- **REQUIRED ACTION**: The records below are to be set down word for word, with every picture left out.

- **STORED DATA**:
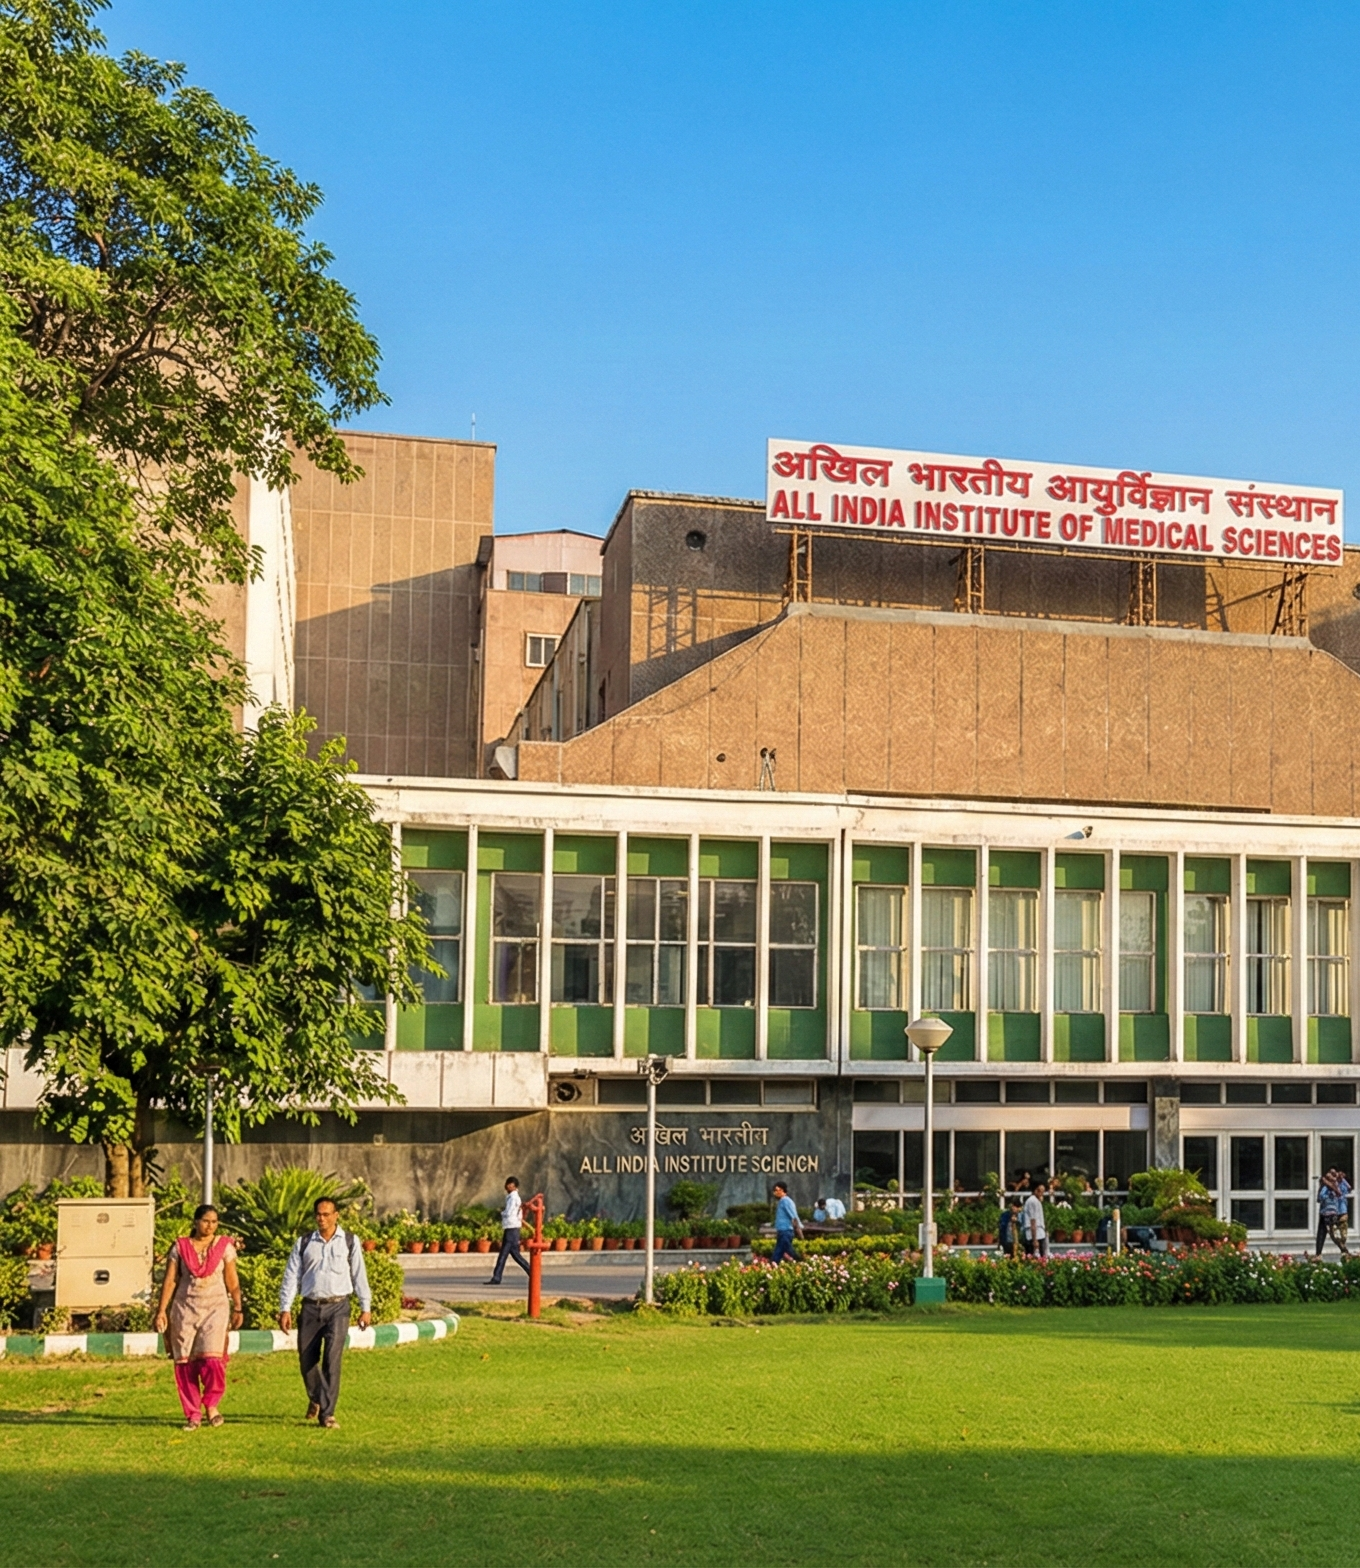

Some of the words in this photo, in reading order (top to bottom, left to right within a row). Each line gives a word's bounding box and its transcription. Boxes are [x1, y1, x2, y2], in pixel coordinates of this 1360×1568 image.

[772, 444, 893, 488] अखिल
[907, 458, 1033, 498] भारतीय
[1046, 470, 1213, 516] आयुर्विज्ञान
[1225, 484, 1338, 525] संस्थान
[769, 489, 822, 521] ALL
[831, 493, 906, 528] INDIA
[914, 500, 1052, 540] INSTITUTE
[1058, 512, 1093, 542] OF
[1101, 516, 1214, 552] MEDICAL
[1221, 525, 1342, 562] SCIENCES
[579, 1155, 613, 1174] ALL
[664, 1154, 748, 1173] INSTITUTE

- **EXPECTED ANSWER**:
Some of the words in this photo, in reading order (top to bottom, left to right within a row). Each line gives a word's bounding box and its transcription. Boxes are [x1, y1, x2, y2], in pixel coordinates of this 1360×1568 image.

[772, 444, 893, 488] अखिल
[907, 458, 1033, 498] भारतीय
[1046, 470, 1213, 516] आयुर्विज्ञान
[1225, 484, 1338, 525] संस्थान
[769, 489, 822, 521] ALL
[831, 493, 906, 528] INDIA
[914, 500, 1052, 540] INSTITUTE
[1058, 512, 1093, 542] OF
[1101, 516, 1214, 552] MEDICAL
[1221, 525, 1342, 562] SCIENCES
[579, 1155, 613, 1174] ALL
[664, 1154, 748, 1173] INSTITUTE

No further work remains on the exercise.